Traumas, felizmente, nenhum sobreveio, penso que os tenho bem resolvidos. Depois da fase de interação com os nossos ‘demónios’, segue-se a aceitação. Aceitei o que tenho, perdoei as pessoas com quem não falo e entrei numa fase de bliss total: sorria, sentia que emanava bondade e que tinha um brilho especial. Mais tarde, disseram-me que estive mais de meia hora com um sorriso idiota.
Passei muito tempo da minha ‘viagem’ ao ar livre estendida numa chaise-longue, sem venda, a apanhar sol, sempre acompanhada de um facilitador, a ouvir os sons, a ver as folhas a ondular, tudo cheio de cor e movimento numa sintonia única entre a Natureza e o meu ser. Lindo!
Ainda hoje guardo essa imagem de harmonia com o meio ambiente e comigo própria. Ao meu lado, o chef francês cheirava uma hortense e comia as pétalas, que depois cuspia num gesto de repulsa – repetiu esta cena duas ou três vezes.
Apetece-me citar Fernando Pessoa, “Tudo vale a pena se…” Atrevo-me a pensar que a minha alma se engrandeceu, fiquei mais consciente das minhas limitações, aceito melhor os outros e, sobretudo, dou valor ao que tenho e sinto-me em sintonia com o que me rodeia
O Regresso
Voltei à sala já mais consciente. Ao meu lado, um indiano, empresário de Silicon Valley, dava murros num caderno enquanto apontava o que lhe vinha à cabeça; do outro lado, um nutricionista inglês sorria com um sorriso beatífico; ao fundo, o médico australiano contorcia-se sonoramente, enquanto a americana chorava copiosamente. Todos estávamos imersos nos nossos fantasmas sem ligarmos ao que nos rodeava.

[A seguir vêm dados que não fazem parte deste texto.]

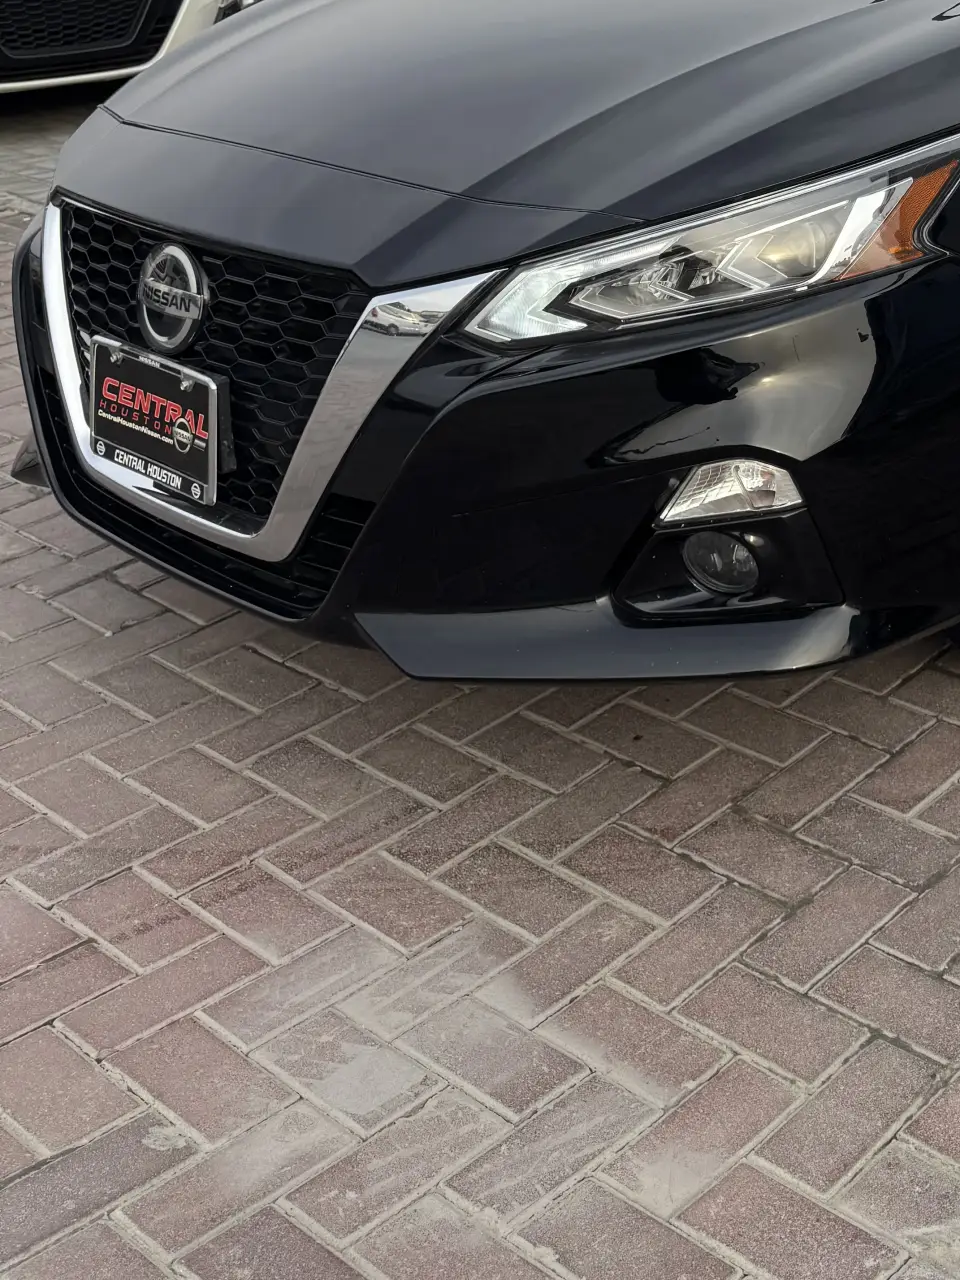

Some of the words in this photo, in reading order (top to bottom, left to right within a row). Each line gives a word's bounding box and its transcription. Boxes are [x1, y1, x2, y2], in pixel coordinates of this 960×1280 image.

Eu, já menos afetada, retinha os pormenores. A minha ‘viagem’ durou quatro horas, outros estiveram cerca de seis horas sob a influência dos cogumelos. No final, foi-nos servido um snack que nos soube a maná vindo do céu: uvas, chocolate preto, wraps vegetarianos…
Nessa noite, ao jantar, todos tínhamos um sorriso estampado no rosto, um olhar claro, de uma experiência que tinha sido reveladora e gratificante.
Dormi muito bem nas duas noites que se seguiram, o ambiente era de paz, solidariedade e comunhão entre os presentes. Tivemos mais uma sessão one-to-one sobre a nossa experiência, na qual fomos aconselhados a não contar o que se tinha passado, não fossem os nossos ouvintes acharem que estávamos ‘apanhados’. Lembrei-me do meu marido…
Se vale a pena? Apetece-me citar Fernando Pessoa, “Tudo vale a pena se…” Atrevo-me a pensar que a minha alma se engrandeceu, fiquei mais consciente das minhas limitações, aceito melhor os outros e, sobretudo, dou valor ao que tenho e sinto-me em sintonia com o que me rodeia.
Já se passaram três meses e ainda recebo e-mails da Sinthesys! Alguma coisa ficou de positivo. Se volto a repetir a experiência? Não me parece, uma vez para mim chegou, mas confesso que valeu a pena.